James adora esta casa, sabe, Alberto? Não é, mamãe?

MADAME

Ana Maria, tenha modos! Esta casa é nossa.

MADEMOISELLE

Mas James...

MADAME (Ao mesmo tempo)

Ó Monsieur, esta casa é nossa, a casa de Guarapari também é nossa, o banco de meu marido é nosso, a fazenda de Caxambirra também...

MONSIEUR

Tudo é nosso, professor. Até o Shakespeare da minha biblioteca também é nosso.

MADEMOISELLE

Eu adoro Londres, Alberto.

MONSIEUR

O senhor conhece Londres?

LEMOS

Eu...

MONSIEUR

Eu também. Eu também. Londres é uma bela cidade. Uma belíssima cidade, não há dúvida. Uma cidade tipicamente inglesa, como eu sempre digo.

LEMOS

Por isso, a Inglaterra ganhou todas as guerras, Monsieur.

MADEMOISELLE

É por isso que eu adoro os Thompson. Não é, mamãe?

MONSIEUR

Wilson Thompson é um perfeito cavalheiro. Riquíssimo. Tem uma casa de praia...

LEMOS

Os ingleses adoram praia, Monsieur.

MONSIEUR

Os ingleses adoram praia, os ingleses adoram campo... Os ingleses adoram tudo. O senhor vê aquela bandeira?

LEMOS

Aque...

MONSIEUR

É a bandeira da Inglaterra.

LEMOS

Claro.

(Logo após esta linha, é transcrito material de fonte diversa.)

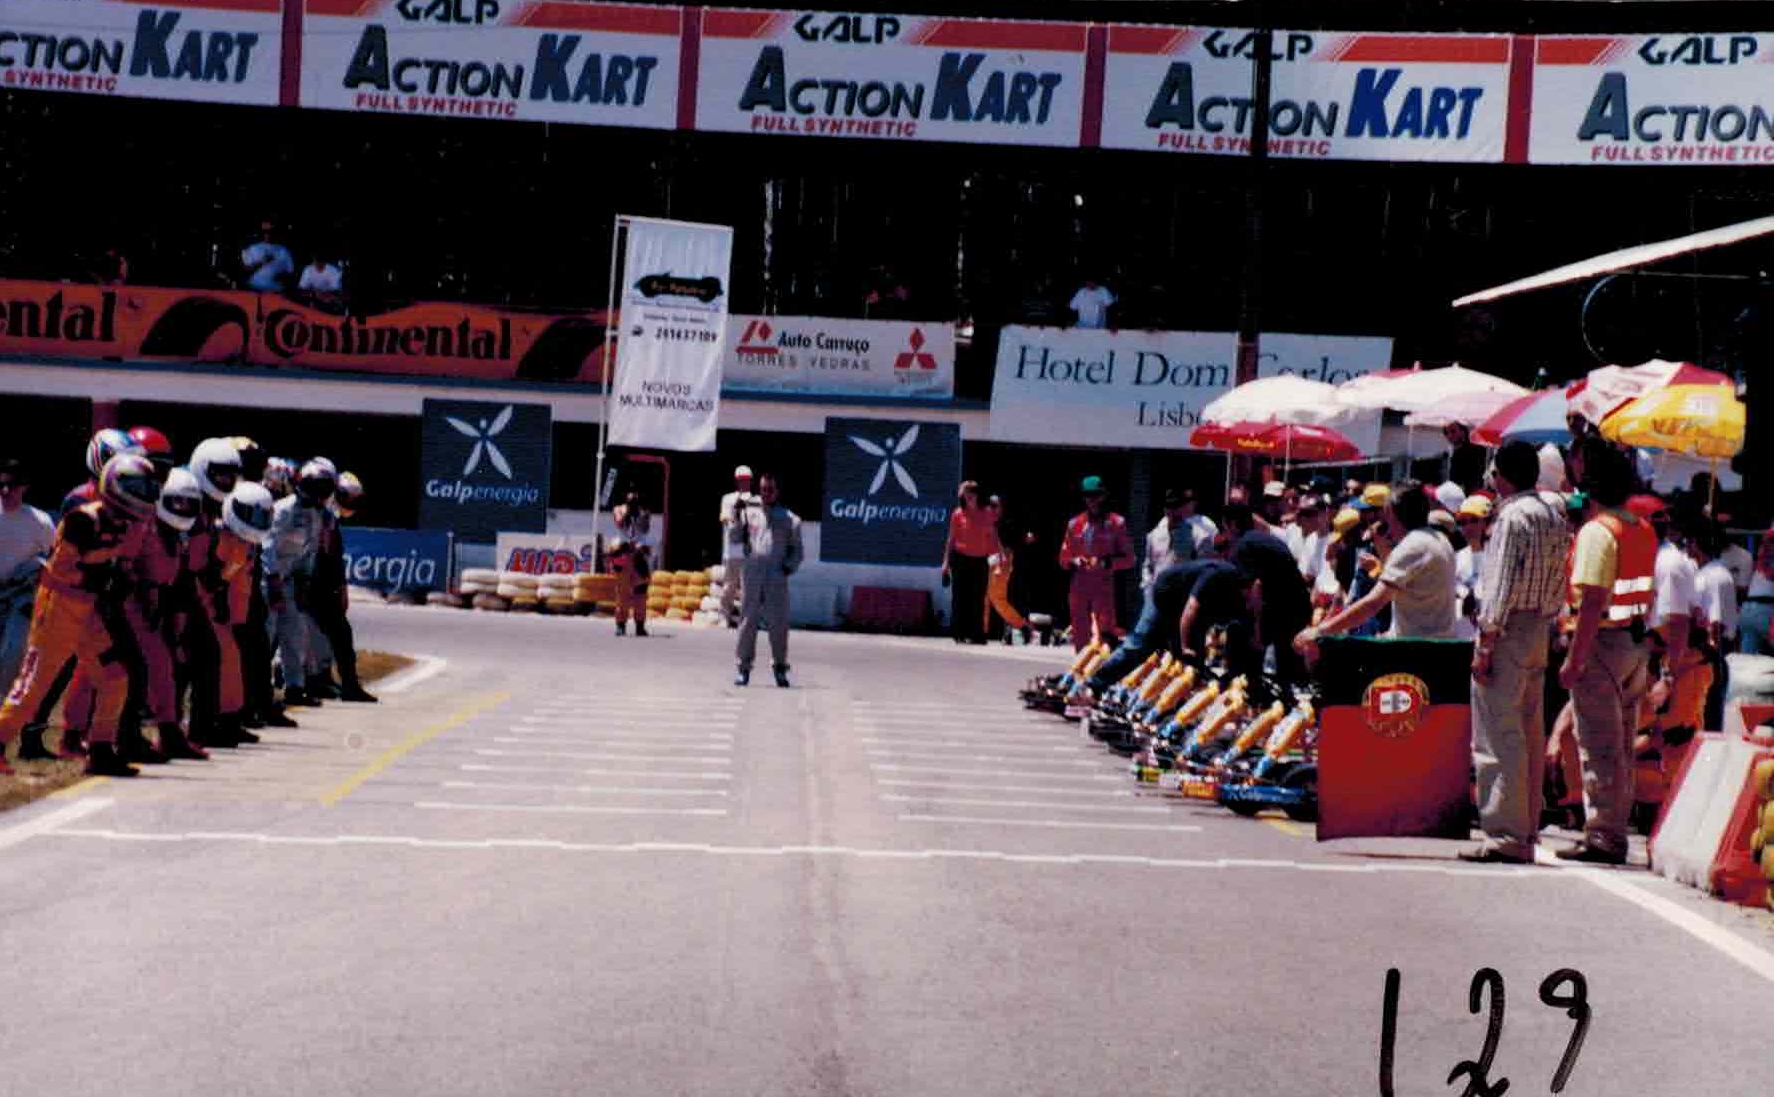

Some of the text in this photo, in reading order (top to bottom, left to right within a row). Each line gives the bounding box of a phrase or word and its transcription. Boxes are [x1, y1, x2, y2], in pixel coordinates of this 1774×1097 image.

[396, 0, 500, 25] GALP
[794, 13, 901, 44] GALP
[129, 9, 259, 84] KART
[1638, 36, 1758, 66] GALP
[341, 24, 658, 106] ACTION KART
[4, 69, 118, 91] SYNTHETIC
[738, 45, 1062, 125] ACTION KART
[354, 93, 518, 117] FULL SYNTHETIC
[1145, 61, 1484, 139] ACTON KART
[750, 116, 917, 138] FULL SYNTHETIC
[1157, 132, 1332, 155] FULL SYNHETIC
[1590, 145, 1645, 161] FULL
[0, 289, 117, 342] ntal
[263, 308, 511, 360] Continental
[777, 330, 812, 350] Auto
[736, 353, 872, 372] TORRES VEDRAS
[1015, 345, 1116, 386] Hotel
[1132, 351, 1230, 387] Dom
[642, 380, 692, 395] NOVOS
[1138, 400, 1201, 426] Lisb
[425, 477, 540, 506] Galpenergia
[829, 498, 949, 529] Galpenergia
[342, 548, 436, 595] nergia

Branca, azul e vermelha. A rainha, o rei e o herdeiro.

MONSIEUR

Exatamente. A rainha, o rei e o herdeiro.

MADEMOISELLE

Compramos no Canal do Panamá. Não foi, mamãe?

MADAME

Compramos na última comporta. Nas outras também tinha. Mas pareciam até falsas. O azul, então... Desbotado como ele só.

MONSIEUR

Na última é que tinha as melhores, realmente.

LEMOS

Fantástica.

MONSIEUR

Fantástica e verdadeira.

LEMOS

Perfeita.

MADEMOISELLE

Principalmente o azul. (A Madame.) Não foi, mamãe? Até a senhora disse que o azul das outras parecia desbotado, lembra?

MADAME

Parecia, não. Era desbotado.

LEMOS

O azul desta, Madame, é realmente...

MONSIEUR

Diga. Diga. É, realmente...

LEMOS

Monsieur...

MONSIEUR

Diga. É realmente...

LEMOS

Mon...

MONSIEUR

Diga! É realmente azul!

LEMOS

É realmente azul!

MADEMOISELLE

Não parece feito de propósito, Alberto?

LEMOS

Mais que de propósito, Ana Maria.

MONSIEUR

Tropical puríssimo. Eu verifiquei pessoalmente.

LEMOS

Nota-se de longe, Monsieur.

MONSIEUR

Ah, então, chegue perto. Chegue perto. Chegue perto e verifique. Vá. Vá. (Lemos aproxima-se da bandeira.) Verifique. Verifique.

LEMOS (Passando as mãos na bandeira)

Realmente, Monsieur, um tropical da melhor qualidade.

MONSIEUR

Eu não lhe disse?! Verifiquei pessoalmente. E essa assinatura? O senhor está vendo essa assinatura?

LEMOS (Passando as mãos na assinatura)

Dá para sentir, Monsieur.

MONSIEUR

Então, sinta. Sinta. (Lemos esfrega a assinatura da bandeira na cara.) Que tal?

LEMOS

Firmíssima, Monsieur. Uma verdadeira rocha de Gibraltar.

MONSIEUR

Pois é a assinatura da rainha-mãe.

LEMOS

Uma verdadeira perfeição grafológica, Monsieur.

MONSIEUR

O senhor sabe de uma coisa? O senhor devia ser caixa no meu banco. (A Madame.) Você escutou, Ifigênia? Uma verdadeira perfeição grafológica. (A Lemos.) O senhor conhece línguas?

LEMOS

Monsieur...

MONSIEUR

Pois então aprecie. Aprecie a beleza dessa assinatura e me diga se não é uma verdadeira perfeição grafológica.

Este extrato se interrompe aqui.